→ Data:

★ ★ ★

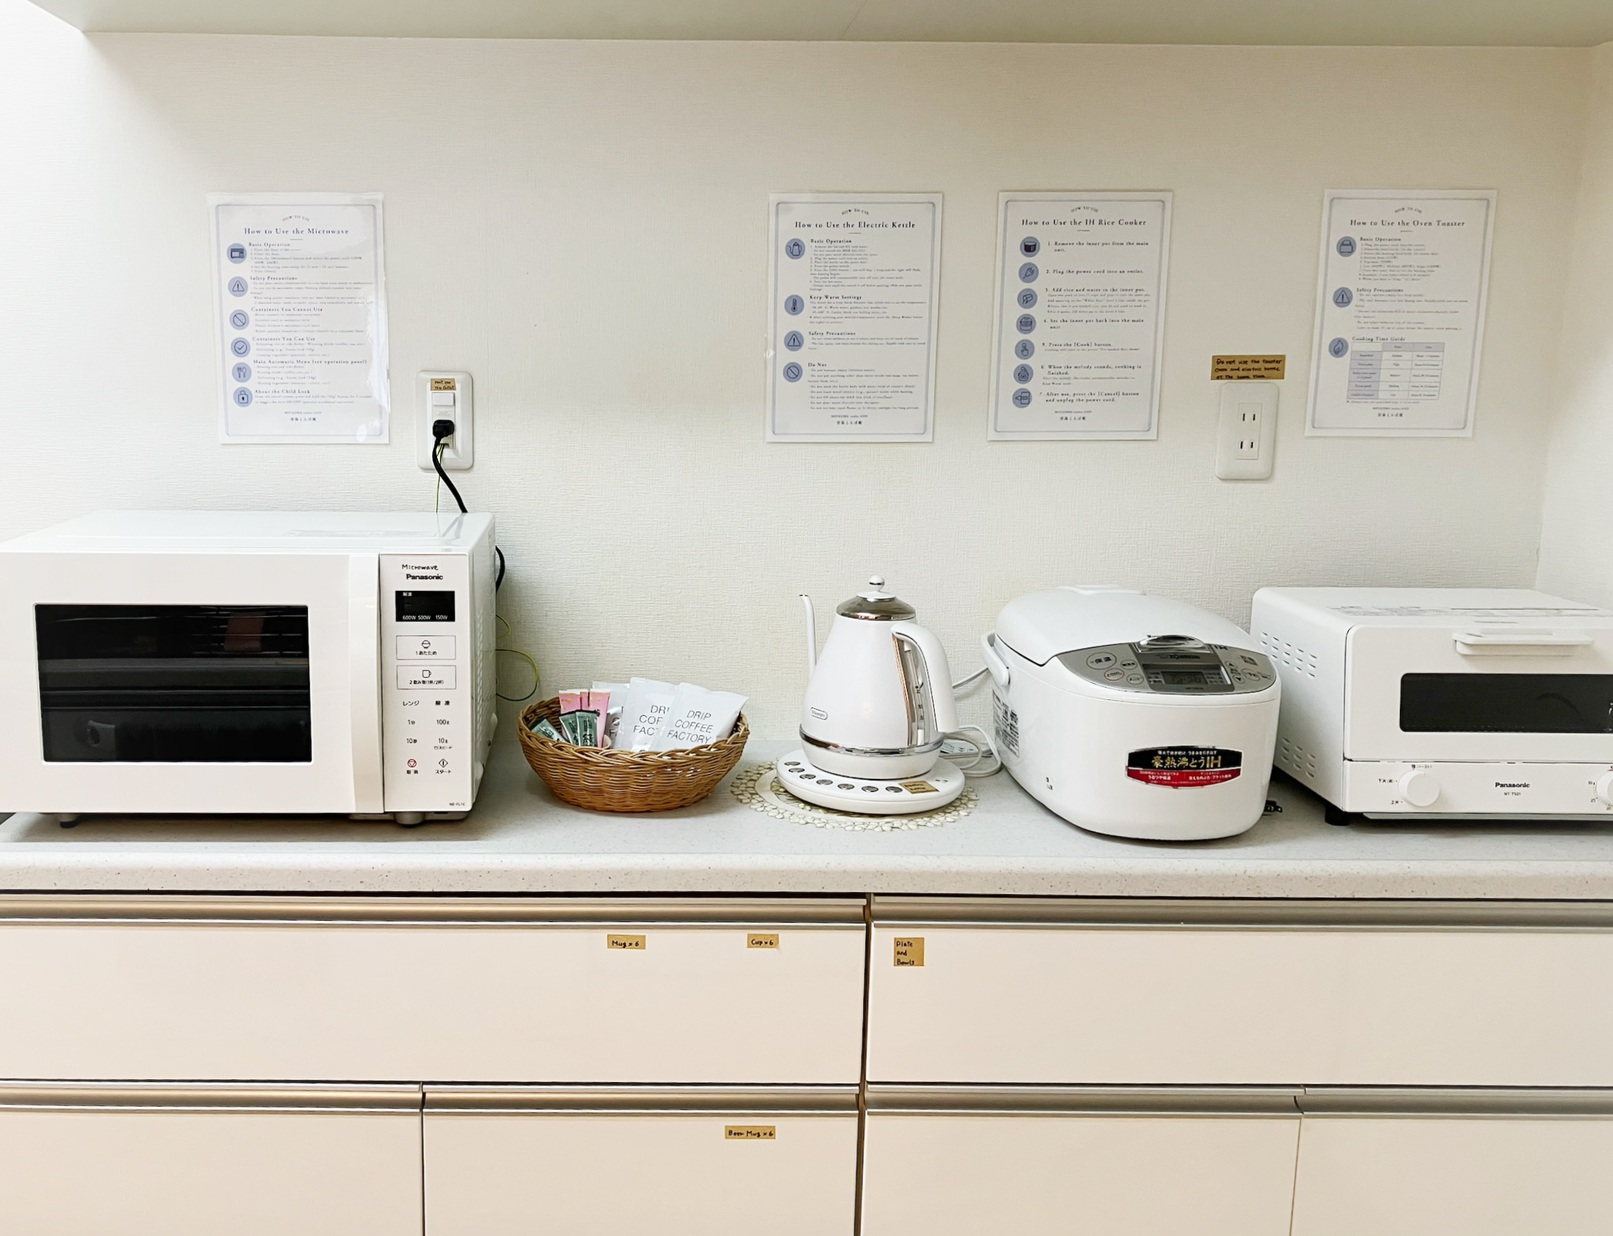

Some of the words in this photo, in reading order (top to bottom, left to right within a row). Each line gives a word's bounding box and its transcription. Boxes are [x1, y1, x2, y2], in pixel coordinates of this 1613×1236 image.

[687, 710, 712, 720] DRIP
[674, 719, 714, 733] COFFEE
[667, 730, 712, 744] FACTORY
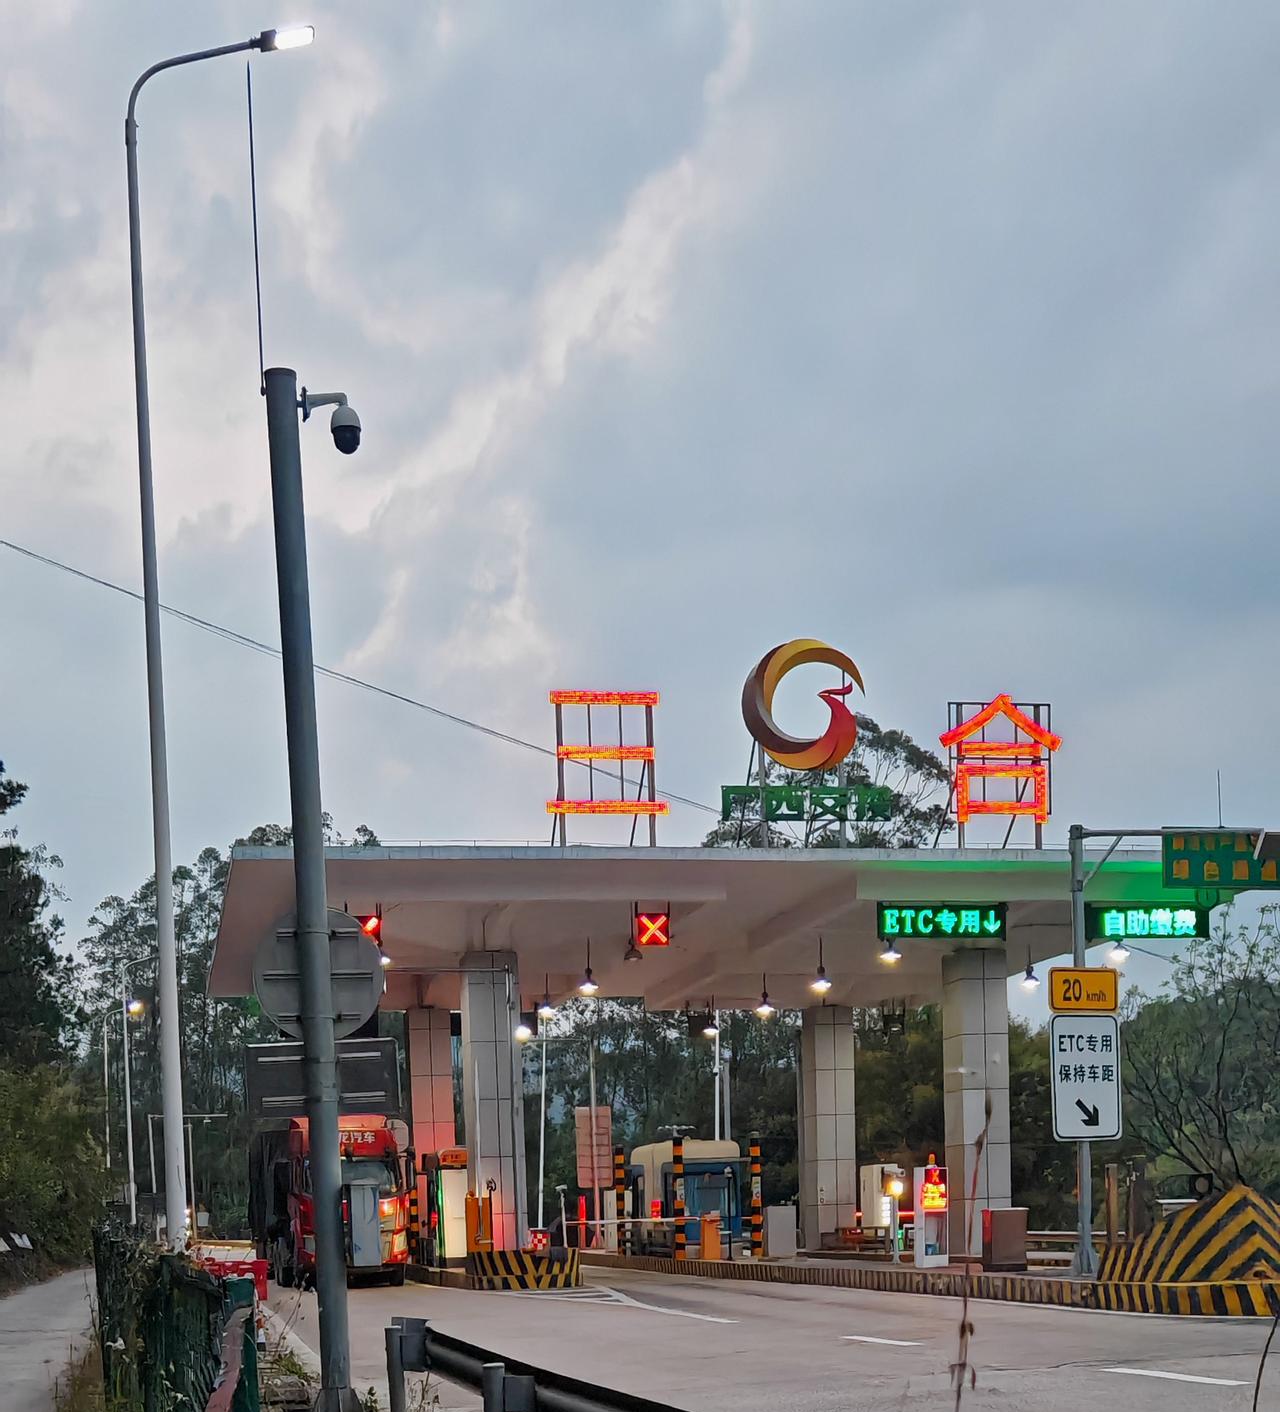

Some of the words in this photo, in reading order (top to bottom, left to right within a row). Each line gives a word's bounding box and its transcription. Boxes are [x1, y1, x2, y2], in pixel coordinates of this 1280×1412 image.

★ ★ ★

→ What to do:
Copy all the material word for word, minus its pictures.

→ Your response:
Some of the words in this photo, in reading order (top to bottom, left to right within a row). Each line gives a word's bounding box and its transcription. Boxes are [x1, y1, x2, y2], in pixel coordinates of this 1613×1236 image.

[687, 710, 712, 720] DRIP
[674, 719, 714, 733] COFFEE
[667, 730, 712, 744] FACTORY

Some of the words in this photo, in reading order (top to bottom, left to right within a row). Each line gives a word's bounding box and its transcription. Boxes are [x1, y1, x2, y2], in pixel coordinates of this 1280×1412 image.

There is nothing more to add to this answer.